Stacey nodded while pushing away her own tears. “I know they don’t have a great track record with you, but you should really go to the police—”
“So they can shame me?” Val snapped. “Quiz me on why I was there? What I was wearing? What I was drinking? How slutty I was on a scale from one to ten?”
“We have the video—”
“The video doesn’t prove anything! It can be explained away as an amateur sex tape that I consented to and now regret. Especially when they find out I was pretending to be a hooker.”
“Val, please—they’re not all like Sten. You can’t do this alone.”
“I’ve got you.”
“We don’t have the same resources as the police.”
“No, but we’re not bound by their rules, either.”
“Let me go to the police, then. I’ll make an anonymous complaint—”

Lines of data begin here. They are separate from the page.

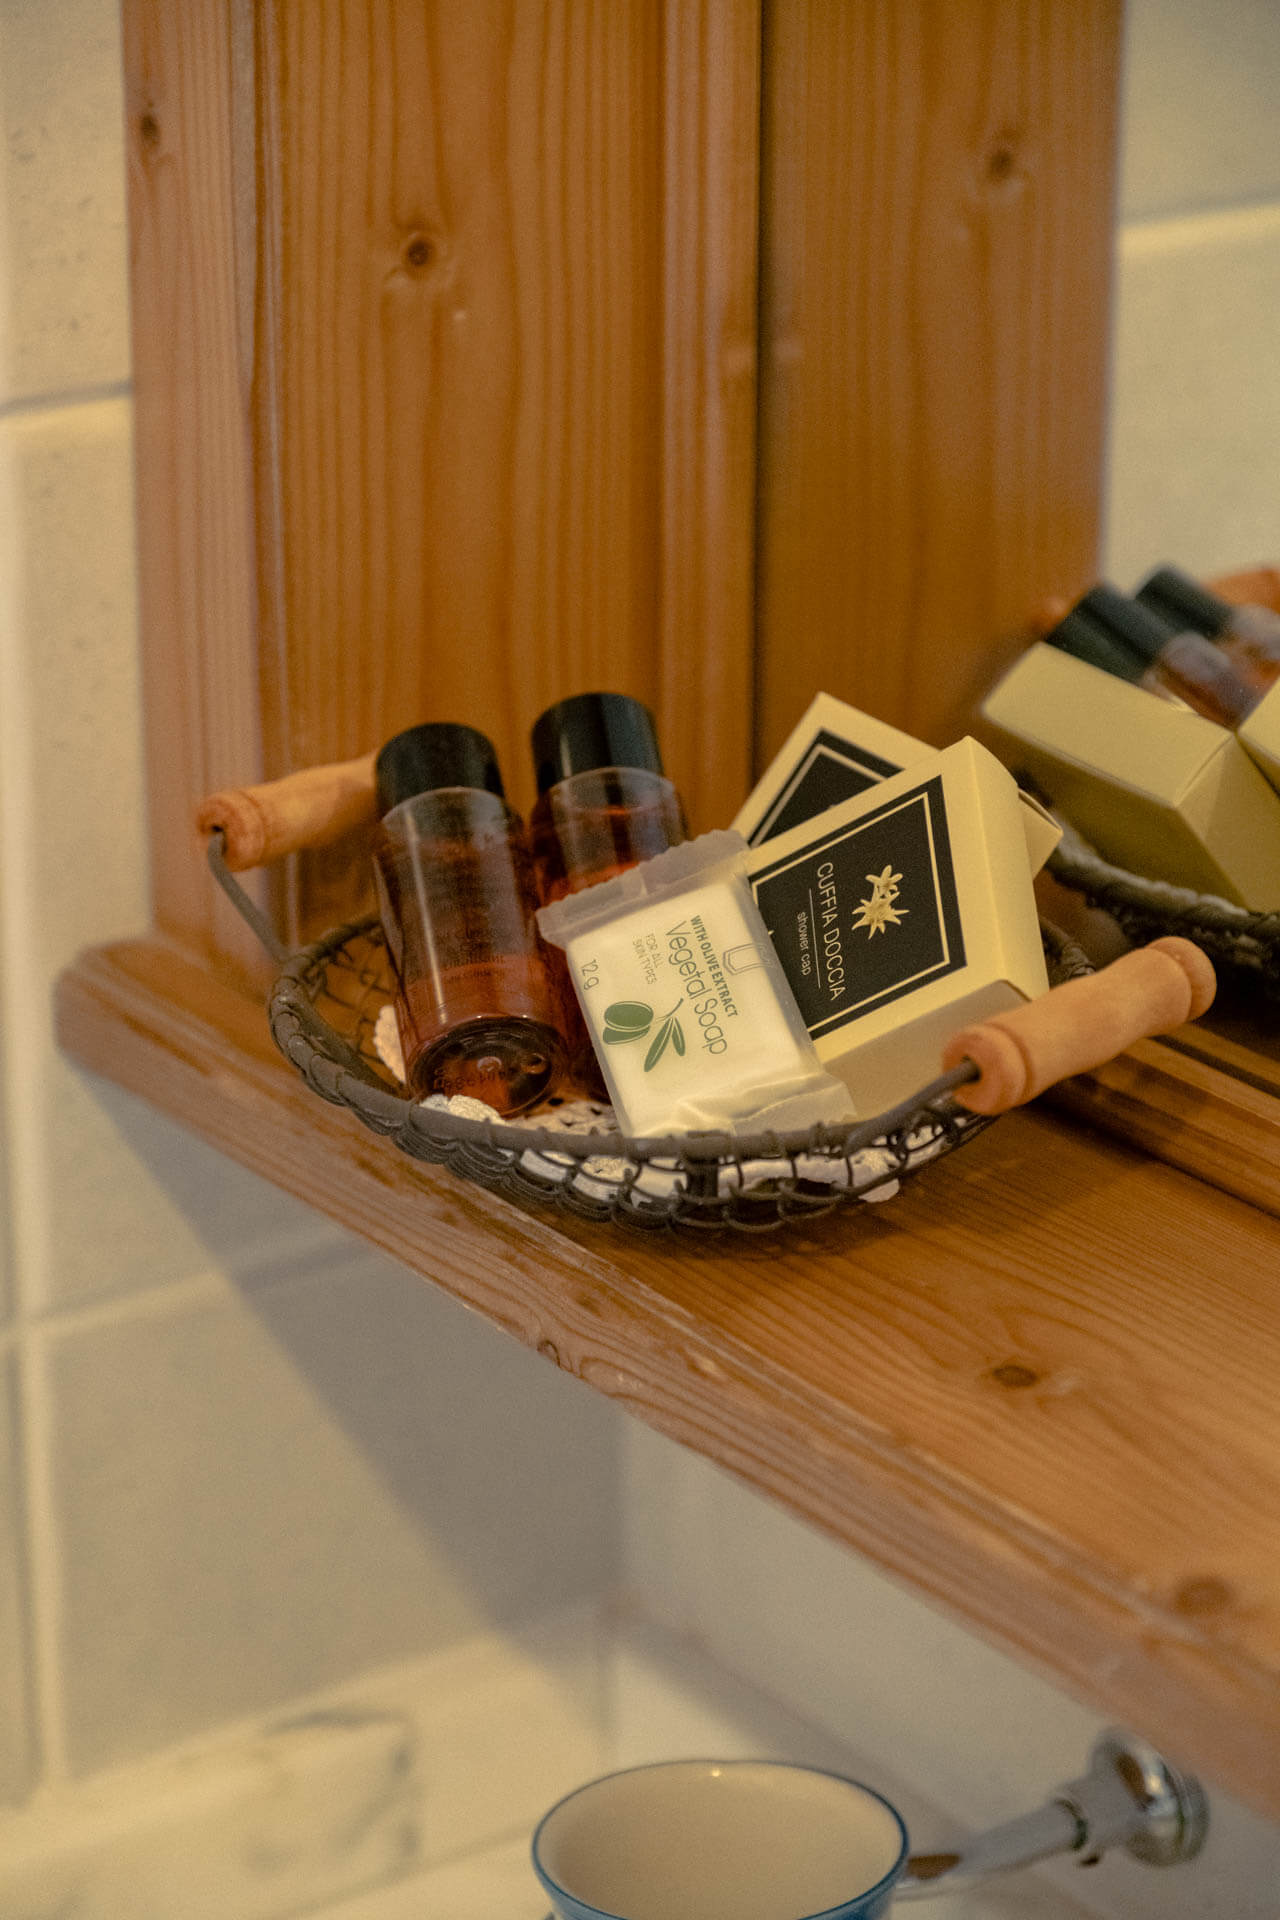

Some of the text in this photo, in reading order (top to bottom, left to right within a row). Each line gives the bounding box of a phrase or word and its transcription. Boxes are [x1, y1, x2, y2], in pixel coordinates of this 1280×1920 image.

[632, 938, 657, 985] SKIN TYPES
[645, 933, 663, 968] FOR ALL
[796, 911, 812, 976] shower cap
[817, 862, 846, 1001] CUFFIA DOCCIA
[581, 959, 600, 991] 12 g
[665, 920, 728, 1055] Vegetal Soap
[690, 915, 738, 1018] WITH OLIVE EXTRACT

“Don’t bother.” Val checked her watch, then pulled her gun from her purse and racked the slide back. “When my sister was raped, she was shamed and humiliated so badly she killed herself to make it stop. All the women who show up at our office come to us because no one else will help or believe them. You know what the police will say to me? That I learned a hard lesson: don’t go home with strangers. Well, I have a lesson of my own to give.” She snapped the slide back in place. “If you rape a woman, she might come back and kill you.”
* * *
Val drummed her fingers on her car’s steering wheel as she watched the Pana Sea’s back entrance from a street perpendicular to the entrance’s alleyway. It’d been quiet until a delivery truck pulled up a few minutes ago. Now a team of two men unloaded boxes of liquor, swizzle sticks, and other supplies from the back and carried them into the building. One of the men was Eric, the bartender from the night before. After a few minutes of ferrying boxes, the other man motioned to Eric, communicating something while pointing to the street at the opposite end of the alley. Eric nodded, and the other man walked around the corner and out of sight, probably to run some errand. The coast was clear for Val to have a few minutes of quality alone-time with the bartender.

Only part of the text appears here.